Archeologia Viva n. 21 – luglio/agosto 1991
pp. 34-49

di Mauro Neri, Michele Lanzinger e Tullio Pasquali

Quando nel Mesolitico l’uomo decise di misurarsi con la montagna i passi e le cime del Lagorai furono i luoghi di un intensa attività di caccia

Ora un itinerario a piedi è stato realizzato fra la conca di Trento e le vicine alte quote sulle tracce lasciate dai cacciatori preistorici nei loro spostamenti stagionali

È l’alba di un giorno qualsiasi. In lontananza i rumori della città moderna giungono affievoliti dalla barriera rosata del primo sole, che cerca di farsi strada in una nebbiolina leggera che copre ogni cosa.

Siamo al riparo Gabàn; la collina a pochi chilometri da Trento e la Vallecola, oggi coltivata a melo, un tempo lontanissimo abitata da una piccola tribù di cacciatori-raccoglitori del Mesolitico, è muta testimone dei preparativi della nostra partenza.

Stiamo per affrontare il “Mesotrekking”, neologismo che sta a indicare un itinerario che in tre giorni di comoda camminata ci porterà dalla Valle dell’Adige – che ancora riposa appena sotto di noi – ai sistemi montani del Lagorai, una catena rocciosa che si dipana nel settore orientale nel Trentino.

Tre giorni di scoperta ci attendono; tre giorni che idealmente ripercorrono una delle ipotetiche piste preistoriche battute dalla gente mesolitica, che si alzava in quota a caccia di selvaggina. Ed è proprio questa valenza storica a incuterci quel minimo di ansia che va ad aggiungersi all’ormai consueto stato d’animo di attesa che pervade ogni partenza, ogni escursionista. Riusciremo a vedere tutto? A capire, a ritrovare le schegge sepolte di antiche culture? Saremo capaci di lasciarci coinvolgere dal gioco intricato di rimandi e collegamenti tra realtà e preistoria che rendono il Mesotrekking un’escursione unica e indimenticabile?

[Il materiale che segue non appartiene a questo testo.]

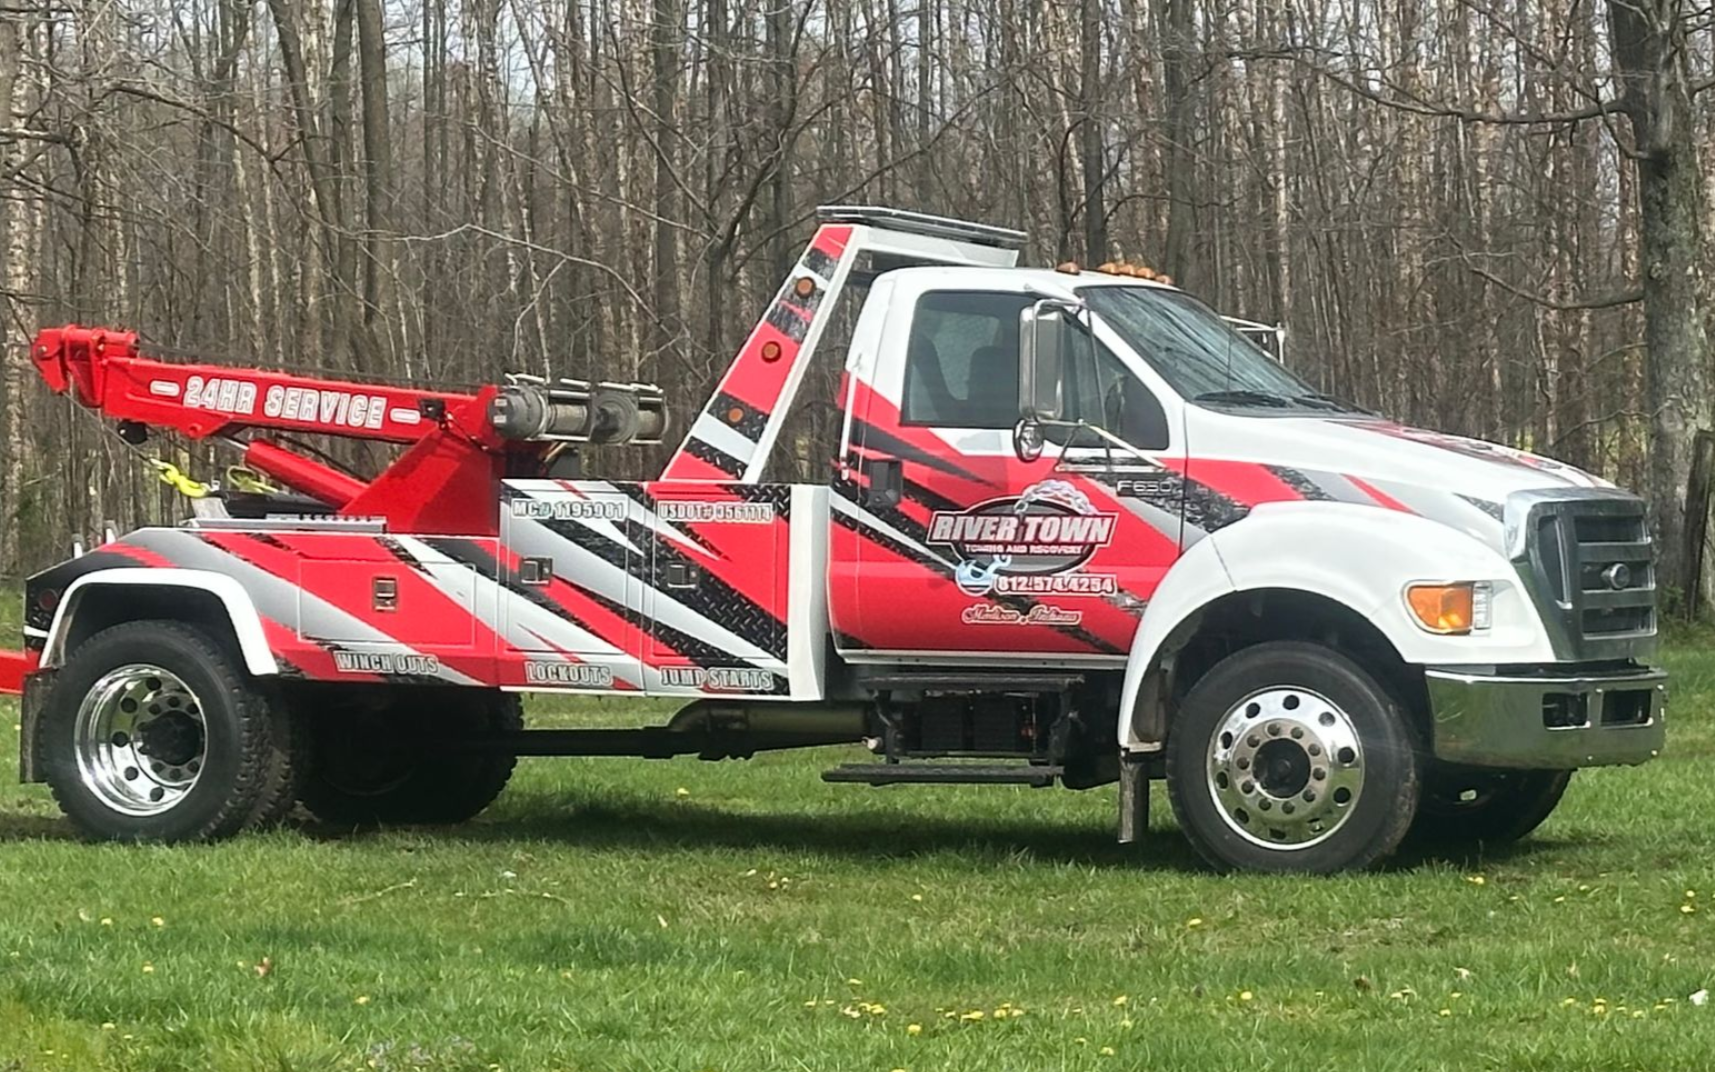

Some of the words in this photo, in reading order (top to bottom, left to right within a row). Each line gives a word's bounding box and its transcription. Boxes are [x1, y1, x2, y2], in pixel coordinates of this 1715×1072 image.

È pensando a tutto ciò che chiudiamo lo zaino e ce lo carichiamo in spalla. La nebbia, nel frattempo, s’è diradata e il cancello in legno, piantato da poco, ci indica la direzione. Ed è subito salita.

Ci siamo lasciati alle spalle la collina orientale di Trento, con i suoi vecchi masi che riecheggiano lontani fasti rinascimentali, sposati all’odierna attività agricola. Abbiamo attraverato le silenziose cave di Pila, da cui per secoli l’uomo ha trattato la bianca pietra con cui ha edificato i più sontuosi palazzi di Trento.

Abbiamo sfiorato appena Castelvedro, colle che conserva geloso documentazioni della millenaria presenza umana, dal Mesolitico al Medioevo, e la piana di Civezzano ci accoglie nel primo e meritato tratto pianeggiante. […]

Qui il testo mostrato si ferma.